Custom postprocessing

The postprocessing step combines the spike sorting results with the preprocess data to compute additional extensions. Extensions are useful for downstream analysis, curation, and visualization, but can be computationally intensive to compute, especially for large datasets.

By default, the pipeline computes a standardized and comprehensiveset of extensions, but there are only two extensions that are strictly required: random_spikes and templates.

Any other extension can be dropped by changing the postprocessing section of the parameters file.
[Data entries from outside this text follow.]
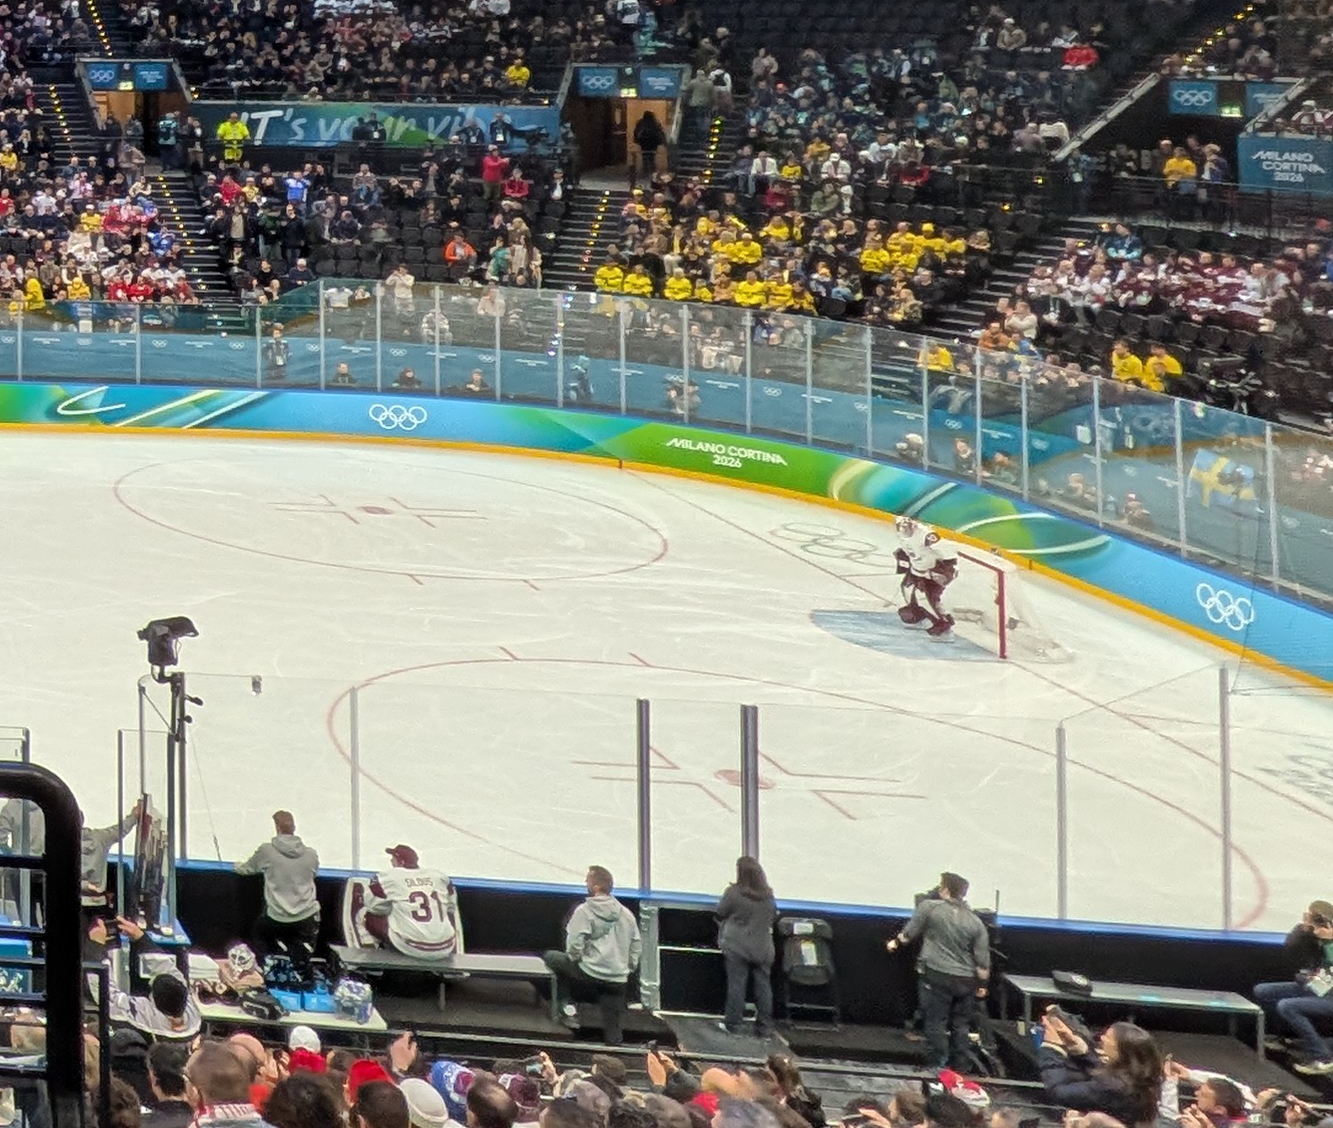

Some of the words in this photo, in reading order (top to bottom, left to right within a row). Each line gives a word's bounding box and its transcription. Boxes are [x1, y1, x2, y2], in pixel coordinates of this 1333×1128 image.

[317, 115, 416, 147] yor
[1251, 150, 1314, 162] MILANO
[1262, 161, 1326, 174] CORTINA
[666, 438, 726, 454] MILANO
[727, 445, 788, 466] CORTINA
[712, 454, 742, 468] 2026
[408, 890, 445, 923] 31
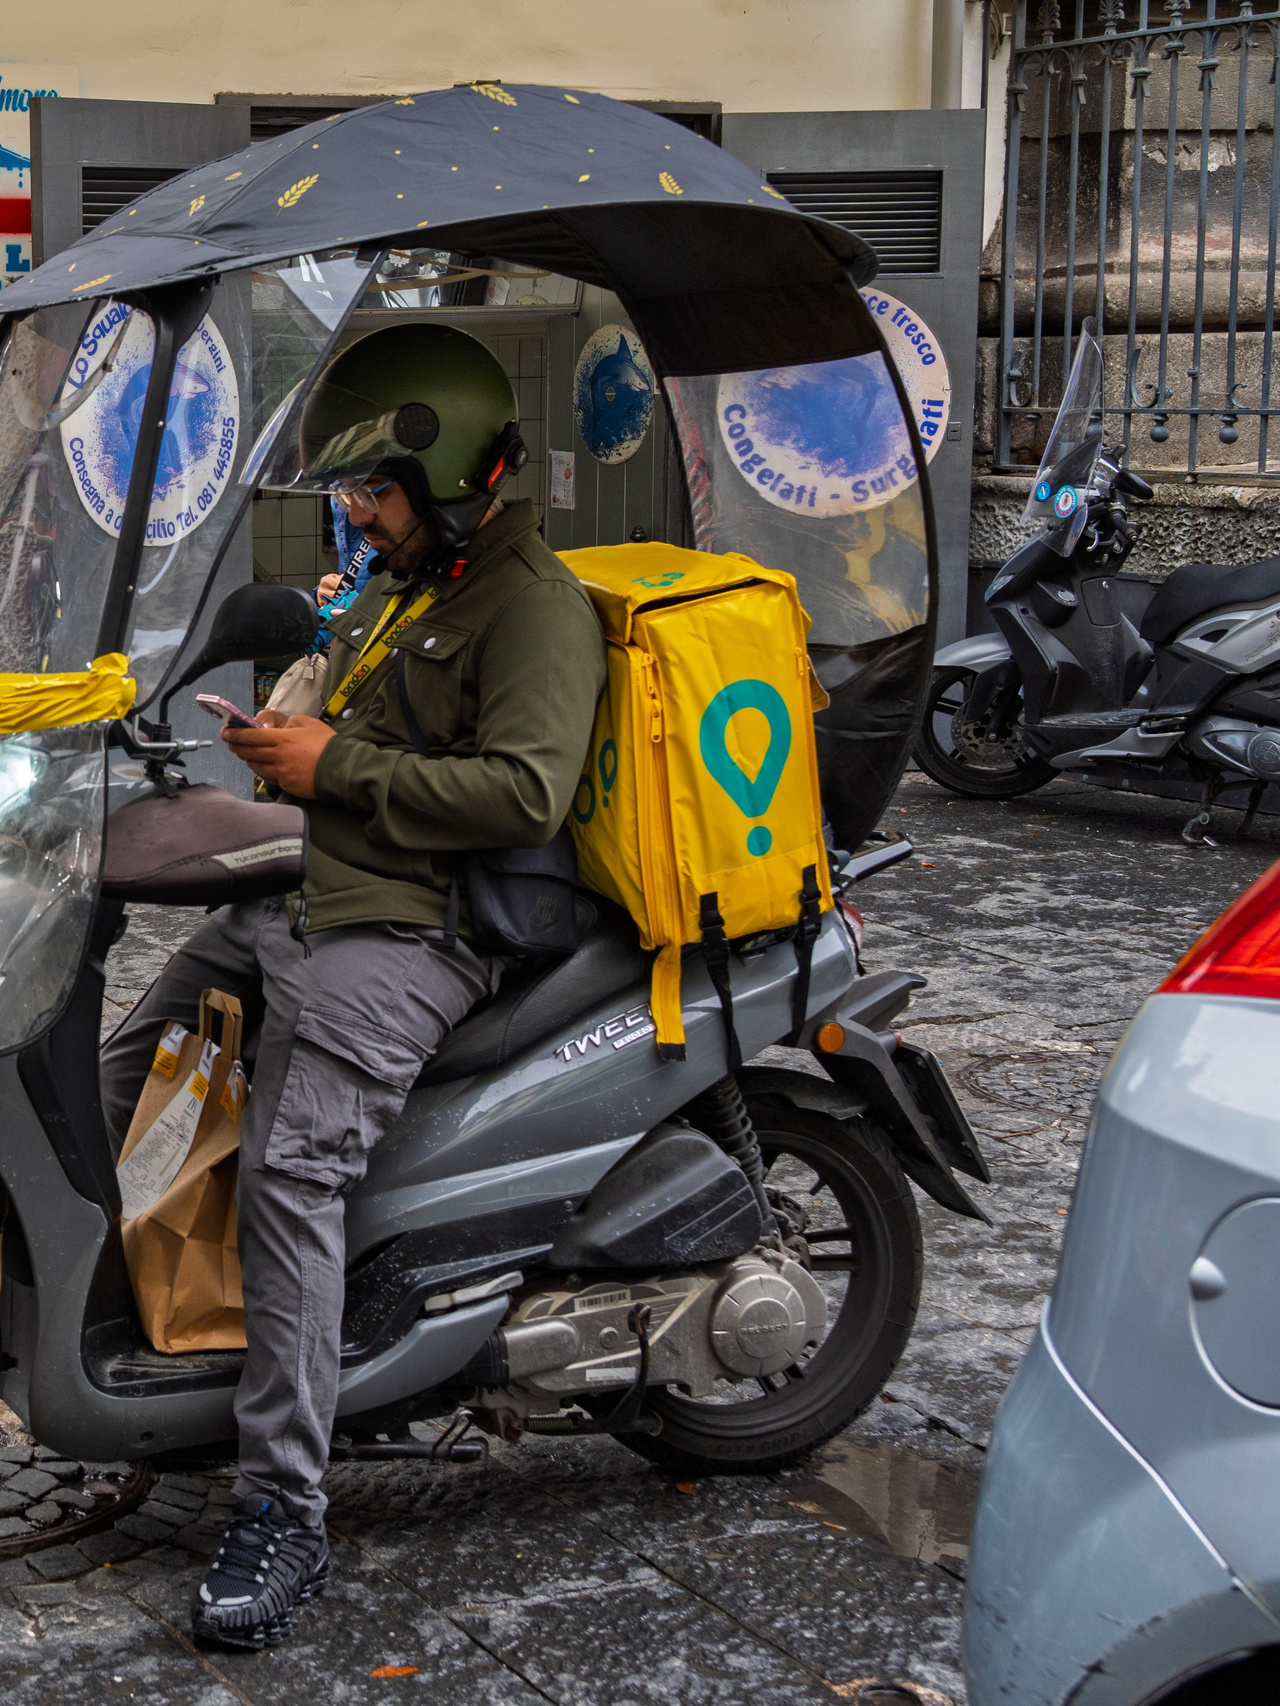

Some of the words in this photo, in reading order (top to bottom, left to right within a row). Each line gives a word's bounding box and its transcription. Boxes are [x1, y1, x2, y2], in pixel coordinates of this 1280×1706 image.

[891, 306, 937, 366] fresco
[67, 357, 89, 388] Lo
[69, 437, 106, 513] Consegna
[104, 507, 115, 525] a
[114, 510, 176, 540] dcilio
[176, 506, 198, 532] Tel.
[197, 486, 218, 512] 081
[214, 416, 236, 480] 445855
[723, 403, 818, 508] Congelati
[381, 614, 414, 649] london
[339, 662, 372, 698] london
[553, 1003, 652, 1061] TWEE
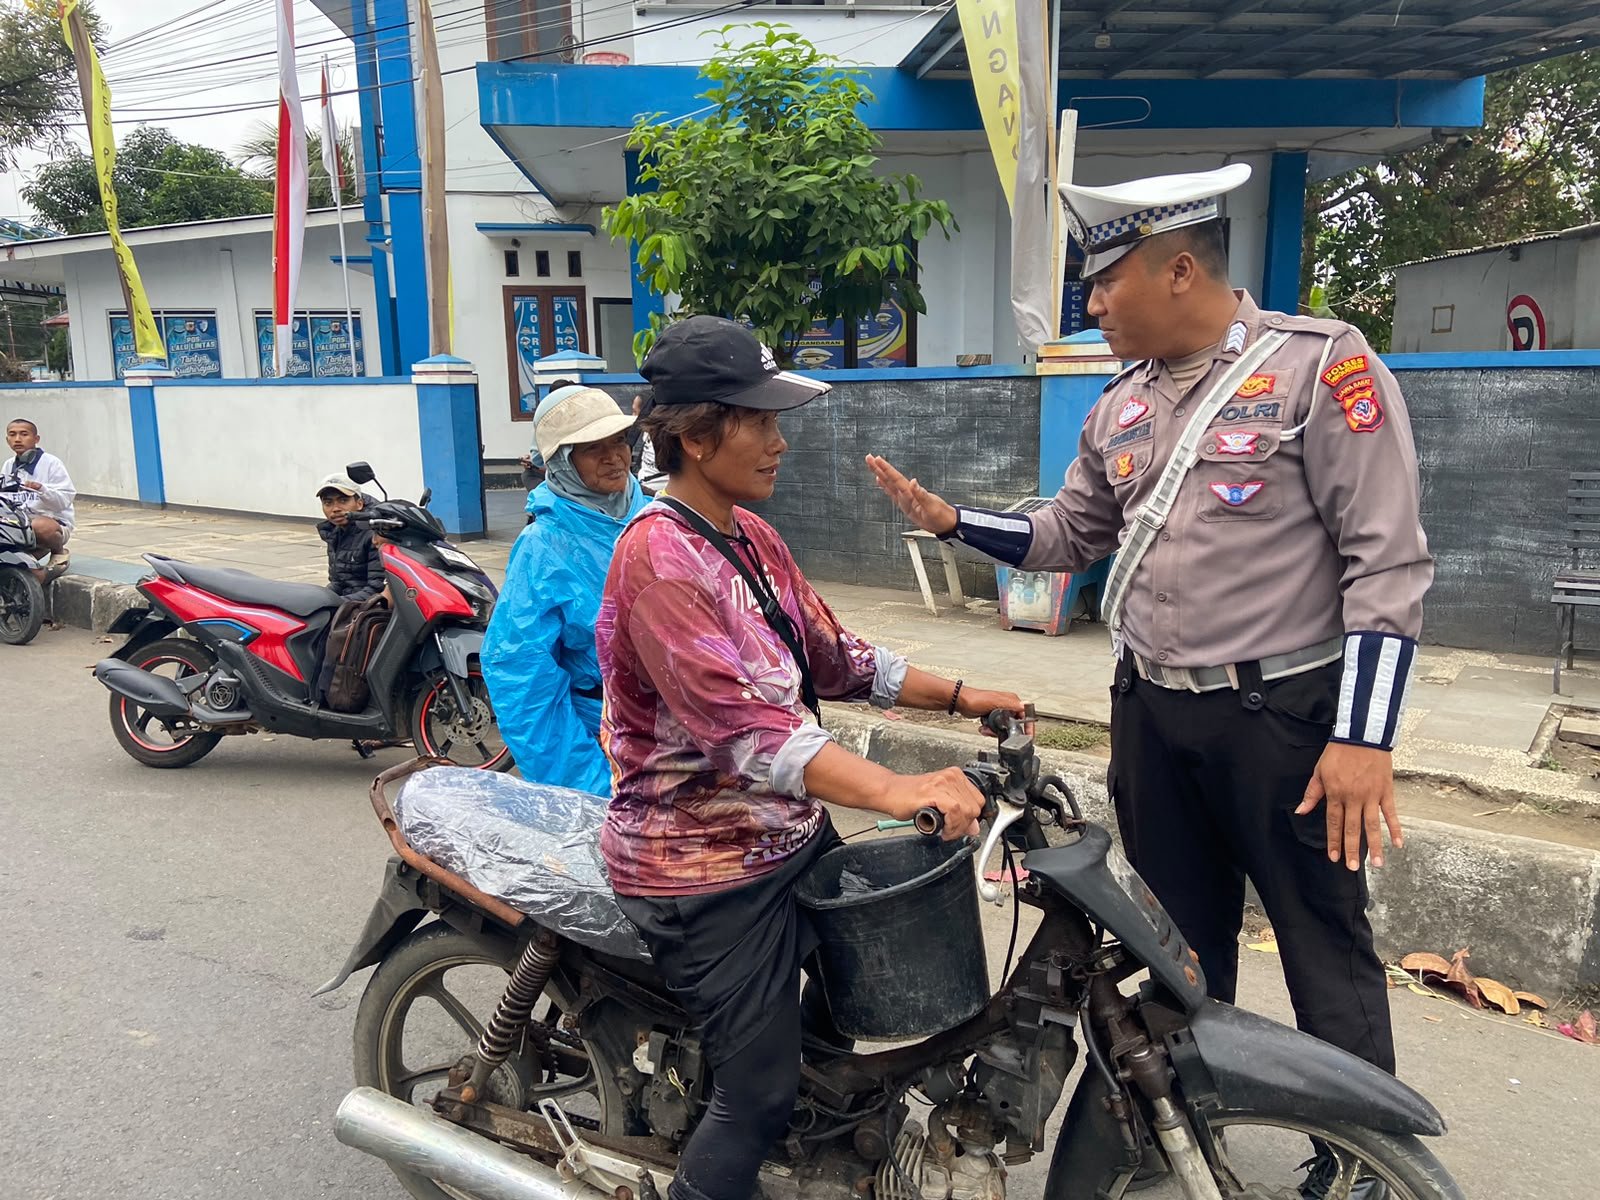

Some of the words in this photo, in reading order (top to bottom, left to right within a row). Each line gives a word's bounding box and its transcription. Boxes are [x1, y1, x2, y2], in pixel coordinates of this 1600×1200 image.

[529, 303, 540, 357] POLRE
[190, 341, 215, 349] LINTAS
[335, 341, 360, 349] LINTS
[1325, 357, 1364, 380] POLRES
[1217, 402, 1280, 421] OLRI
For example, this configuration will only compute the required random_spikes, templates, correlograms and unit_locations:

"postprocessing": {
    ...
    "extensions": {
        "random_spikes": {
            "max_spikes_per_unit": 500,
            "method": "uniform",
            "margin_size": null,
            "seed": null
        },
        "templates": {
            "ms_before": 1.0,
            "ms_after": 2.0
        },
        "correlograms": {
            "window_ms": 50.0,
            "bin_ms": 1.0
        },
        "unit_locations": {
            "method": "monopolar_triangulation"
        }
}

Note that in with this parameter configuration, the curation step will be skipped, since it relies on the quality_metrics/template_metrics extension, which are not being computed.